A security-based response (mobilization of military means, recourse to exceptional measures, confinement, (partial) closing of borders) cannot overcome the lack of structural capacities. International aid is not “late” of a few months only, it is late of several years, or even decades. An adequate response first requires the construction of functioning national health systems. But the countries affected lack first and foremost infrastructures and medical staff. According to WHO [World Health Organization], in Liberia for example, there is only 0,1 doctor for 10 000 inhabitants, or in other words, 50 doctors for the population as a whole (which is well below the regional average of 2,6 doctors for 10 000 inhabitants).

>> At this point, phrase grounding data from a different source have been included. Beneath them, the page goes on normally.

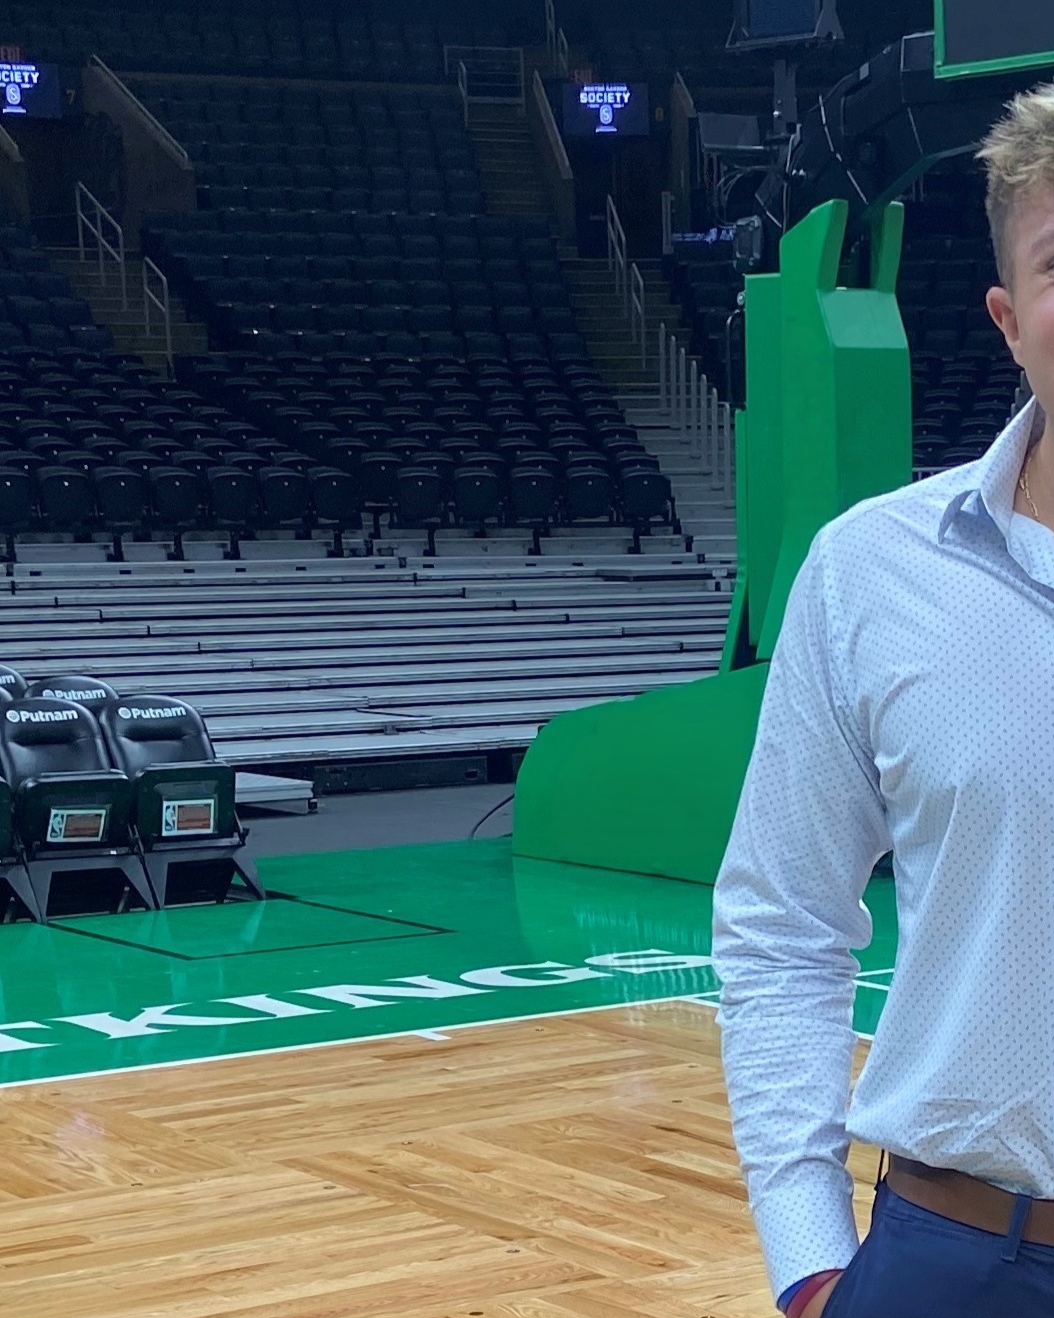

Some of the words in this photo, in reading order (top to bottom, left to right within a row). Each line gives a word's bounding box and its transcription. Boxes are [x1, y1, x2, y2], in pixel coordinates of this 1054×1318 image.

[0, 70, 40, 84] CIETY
[579, 91, 631, 103] SOCIETY
[54, 688, 106, 700] Putnam
[20, 709, 79, 722] Putnam
[132, 706, 187, 719] Putnam

But the reinforcement of health systems remains a neglected area of international health policies, which tend to concentrate their efforts on rapid and visible solutions that can be effectively measured. This leads to an approach focused on specific diseases and treatment provision, like in the case of the “three big diseases” (HIV, tuberculosis, malaria) which have attracted most attention since 2000. These targeted efforts are necessary, but they cannot replace the setting up of health systems organized around hospitals, treatment centres, systems for the supply of medicines and medical material, and trained medical staff.

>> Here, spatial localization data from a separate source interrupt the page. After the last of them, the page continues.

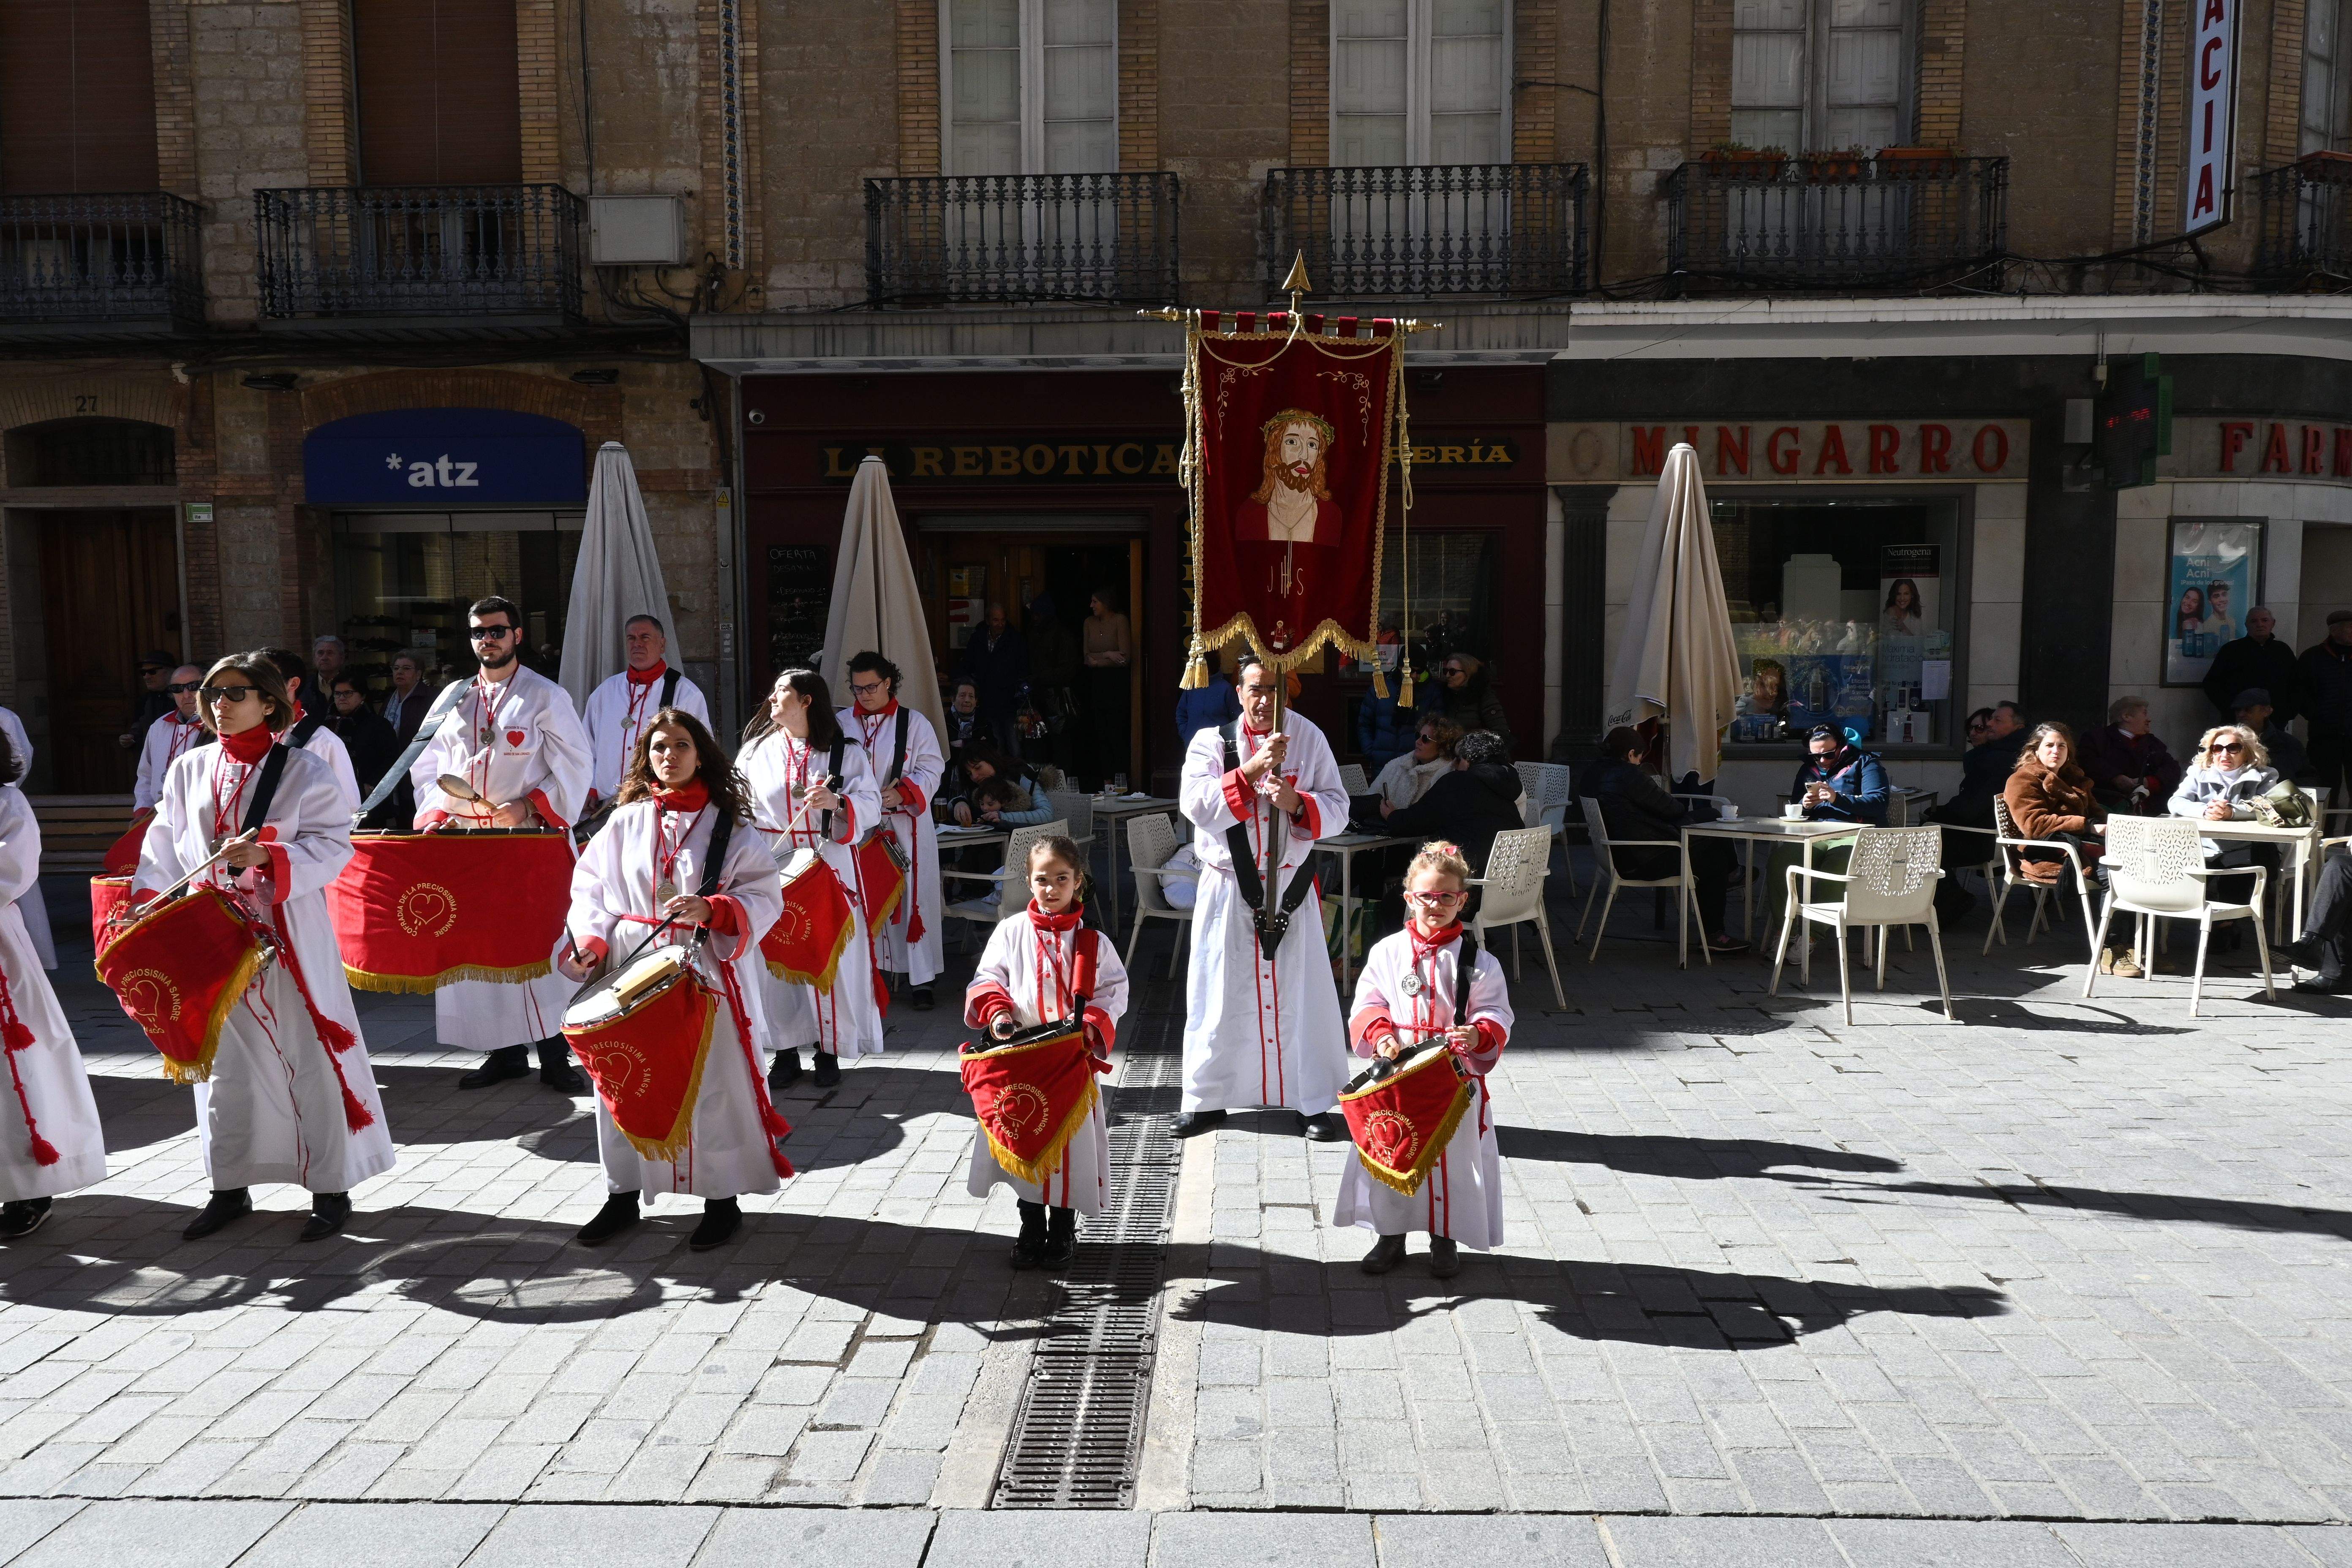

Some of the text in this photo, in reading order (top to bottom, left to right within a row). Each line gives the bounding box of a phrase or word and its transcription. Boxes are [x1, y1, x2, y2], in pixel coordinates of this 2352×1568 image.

[75, 396, 97, 412] 27
[909, 444, 1178, 476] REBOTICA
[770, 549, 816, 561] OFERTA
[1888, 547, 1932, 558] Neutrogena
[397, 883, 457, 937] COFRADIA DE LA PRECIOSISIMA SANGRE
[801, 918, 811, 941] SANGRE
[121, 969, 172, 987] PRECIOSISIMA
[120, 987, 128, 998] LA
[169, 986, 182, 1022] SANGRE
[590, 1041, 647, 1064] PRECIOSISIMA
[634, 1068, 651, 1097] SANGRE
[993, 1083, 1049, 1140] COFRADIA DE LA PRECIOSISIMA SANGRE
[1365, 1126, 1371, 1136] DE
[1369, 1109, 1415, 1131] PRECIOSISIMA
[1405, 1132, 1419, 1160] SANGRE

This debate on the failure of international development aid, which has not permitted the construction of adequate health systems for beneficiary countries, is largely ignored, while resources are devoted to the issue of lack of treatment. The focus on the search for a treatment, and especially of a vaccine, is due to a technocratic vision of international health policies, which goes back to the colonial era. This approach is based on the search for a “magic bullet”, a miracle medicine qui allows for targeted vertical sanitary interventions which do not take into account the social context. It is also part of the movement of « pharmaceuticalization » of global health which advocates for medicine-based policies.

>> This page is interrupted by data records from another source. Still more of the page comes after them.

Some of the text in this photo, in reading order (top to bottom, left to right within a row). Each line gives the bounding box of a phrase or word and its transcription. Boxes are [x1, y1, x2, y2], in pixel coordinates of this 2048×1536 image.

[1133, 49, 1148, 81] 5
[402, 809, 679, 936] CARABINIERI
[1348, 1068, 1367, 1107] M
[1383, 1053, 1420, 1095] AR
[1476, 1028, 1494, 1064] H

The Ebola epidemic revealed the state of national health systems, and the lacuna of international sanitary aid, symbolized by the efforts of Secretary-General Ban Ki-Moon to remind Member States of their financial engagements. The international community has been unable to put in place long-term actions and to learn from previous epidemics. The actions currently undertaken are often presented as unavoidable: manage contagion above all by building treatment centres that focus more on confinement than treatment, or by closing (at least partially) borders; treat in priority international health workers in order to guarantee the continuity of aid to local populations; resort to countries of the “global North” that have stronger links to the countries of the “global South”, who are more susceptible of acting rapidly; focus on the search for a vaccine.
But such actions are only the consequences of a lack of long-term international solidarity to overcome fundamental infrastructure deficiencies in very poor countries. Diseases and epidemics have always been powerful indicators of fractures and social tensions. But we can hope that, just like in 19th century Europe when their combination with social and political upheavals had the effect of accelerating the process of sanitary reform, the current Ebola epidemic provides an opportunity for similar changes at the global level.